Von Düffel erzählt in „Die Prinzipalin“ wichtige Stationen von Neubers Theaterleben, verdichtet Diskussionen mit dem rohen Hanswurst über Ziele und Mittel des Theaters und erweitert es zu einer Ode ans Wander-Theater und die Rolle des Schauspiels in der Gesellschaft. Die Querverbindungen zum Neusser Landestheater sind deutlich, jedoch nie dick aufgetragen. Nach einer gesungenen Ballade zur Einordnung der Figur durch das fünfköpfige Ensemble der Neuberin, führt uns die Uraufführung in eine Probenszene zwischen Caroline Neuber (Hergard Engert) und ihrem mäßig begabten Mann Johann (Benjamin Schardt) zur Probe aus dem Vorspiel von Goethes „Faust“. Die vom ehemaligen Weimarer Theaterdirektor dialogisch zugespitzten Differenzen zwischen komischer Figur, Theaterdirektor und ambitioniertem Dichter nutzt von Düffel zur Einführung ins Theaterleben der Neuberin.
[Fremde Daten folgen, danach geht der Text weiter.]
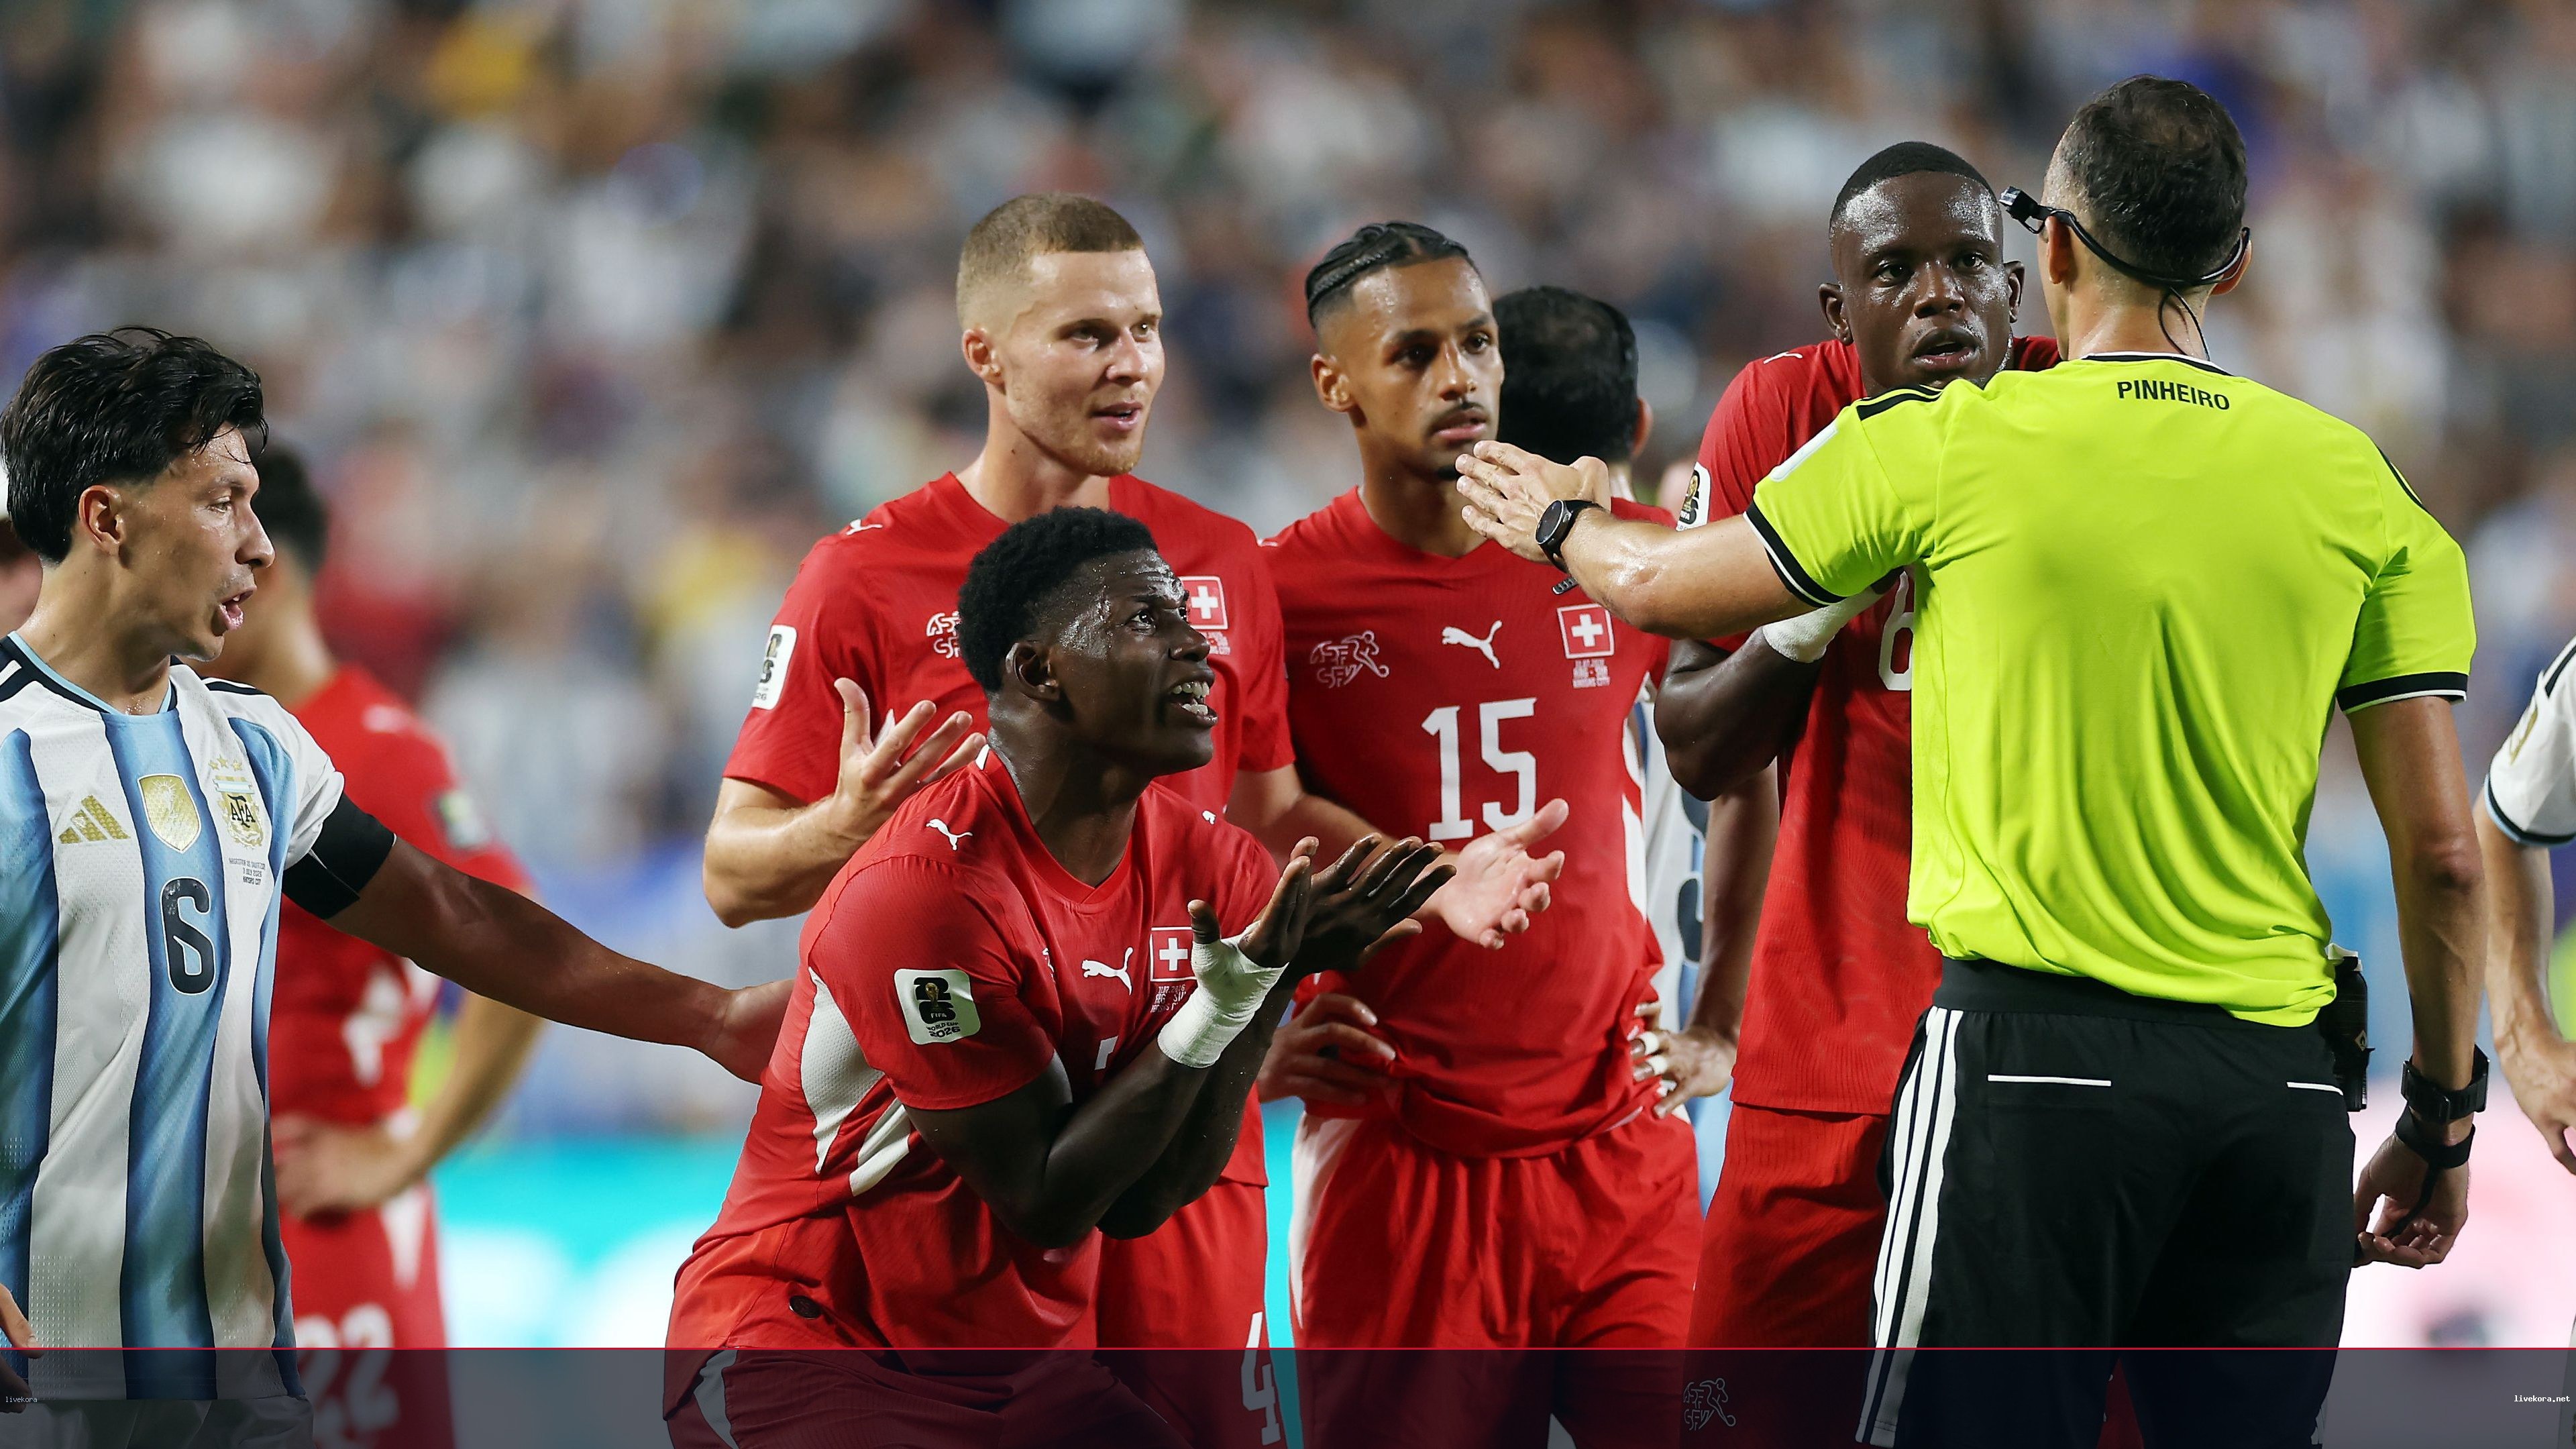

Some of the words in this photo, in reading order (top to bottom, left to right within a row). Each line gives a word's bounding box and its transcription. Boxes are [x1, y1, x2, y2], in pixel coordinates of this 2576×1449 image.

Szenische Theaterbiografie

Souverän surft die dramatische Theaterbiografie durch das Leben der historischen Theatermacherin, deutet Parallelen zum Heute an – und parodiert freundlich die Feierlichkeiten vor Ort. Wenn Gottsched (Stefan Siebert) in einer Rede ans Publikum auf die drei Stunden zuvor im selben Raum erklungenen Reden zum Theaterjubiläum von stellvertretender Ministerpräsidentin und Bürgermeister anspielt, formuliert er zugleich seinen und der Neuberin „Traum“: „von einem Haus, in dem die Menschen einer Stadt zusammenkommen, um sich ein Bild ihrer selbst zu machen (…), einem Möglichkeitstraum.“ Da verbindet das Stück geschickt aufklärerischen Impuls des 18. Jahrhunderts und Herausforderungen der Gegenwart unseres Gemeinwesens – sowie ganz prosaische Debatten über die Zukunft des Stadttheaters.
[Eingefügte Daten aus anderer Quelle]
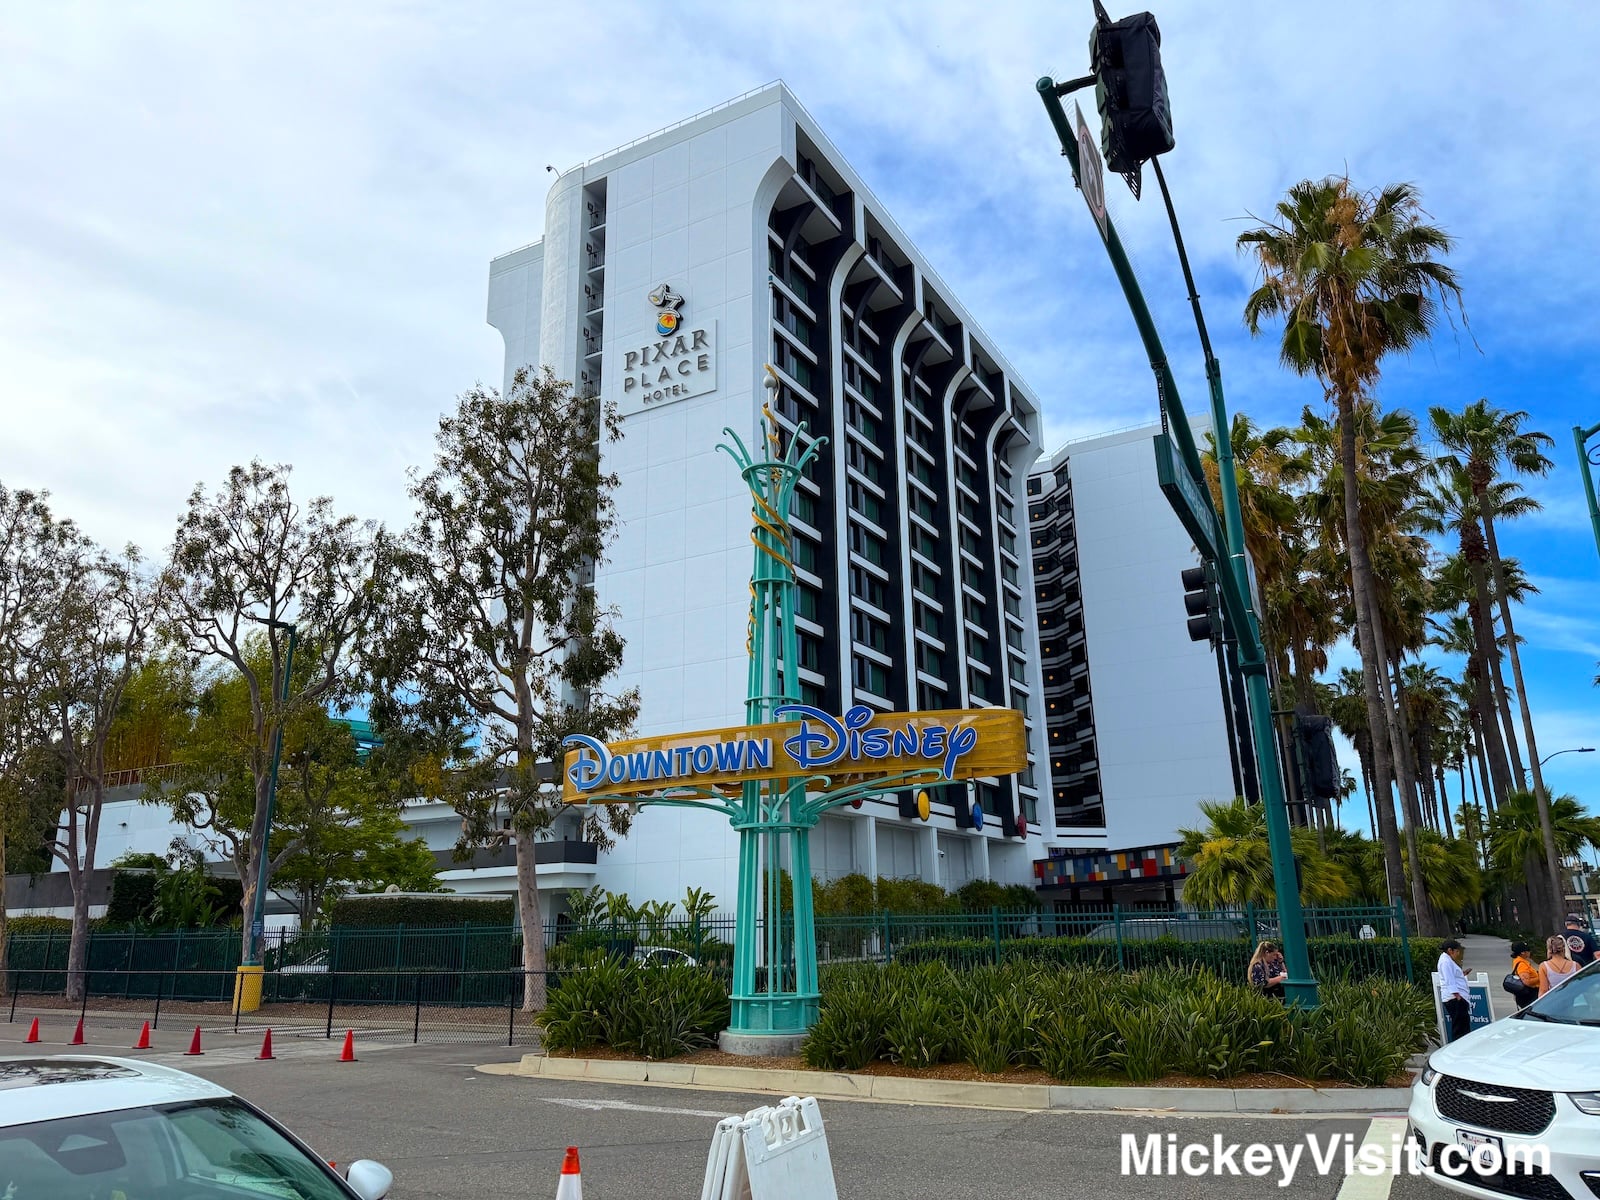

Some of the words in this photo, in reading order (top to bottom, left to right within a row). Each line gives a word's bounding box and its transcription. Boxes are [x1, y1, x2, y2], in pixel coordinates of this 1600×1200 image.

[624, 329, 709, 371] PIXAR
[624, 353, 709, 393] PLACE
[643, 383, 689, 404] HOTEL
[562, 734, 773, 792] DOWNTOWN
[1470, 1015, 1489, 1023] Parks
Die Inszenierung von Dirk Schirdewahn baut auf ein engagiertes Ensemble (neben den Genannten noch Simon Rußig als grob-teuflischer Hanswurst, Annalisa Hohl als Columbina und Stefan Schleue als Erzähler) und im Zentrum die ausdrucksstarke Protagonistin Hergard Engert. In einer großen Szene nach der Pause ringt sie einen fast faustischen inneren Kampf mit sich selbst um Kunst und Unterhaltungstheater. Auch wenn das Tempo, etwa bei der Begegnung mit der Zarin, zuweilen höher sein könnte und der Planwagen der „Mutter Tourage“ als ungelenkes Gerüst mit Rutschbahn auf der Rückseite (Ausstattung: Christina Kirk) eher als Bühnenhindernis wirkt: die Neusser Uraufführung von „Die Prinzipalin“ bietet ein gelungenes, anregendes Theaterereignis.
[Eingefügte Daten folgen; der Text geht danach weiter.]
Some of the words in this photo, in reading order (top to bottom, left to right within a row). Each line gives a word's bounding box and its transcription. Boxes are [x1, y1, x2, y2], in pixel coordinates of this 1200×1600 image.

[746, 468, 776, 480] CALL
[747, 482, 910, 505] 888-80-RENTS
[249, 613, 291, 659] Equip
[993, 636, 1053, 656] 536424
Ob das Stück – des gerade in Bamberg seine erste Intendanz startenden John von Düffel – über die Feierlichkeiten in Neuss hinaus, trägt, ist eine andere Frage. Eine (für die Emanzipation der Frau wie die Theatergeschichte) wichtige und spannende Biografie als Schauspiel kann Querverbindungen ins Heute schlagen. Ein intensives Gesellschaftsdrama würde sie vermutlich erst bei einer – dann freilich unhistorischen – Zuspitzung ergeben. So aber verbindet die Neusser Uraufführung Unterhaltung (eben mit einem „abgeschafften“ Hanswurst) und intellektuellen Anspruch im Blick zurück zu einer szenischen Selbstreflexion des Landestheaters.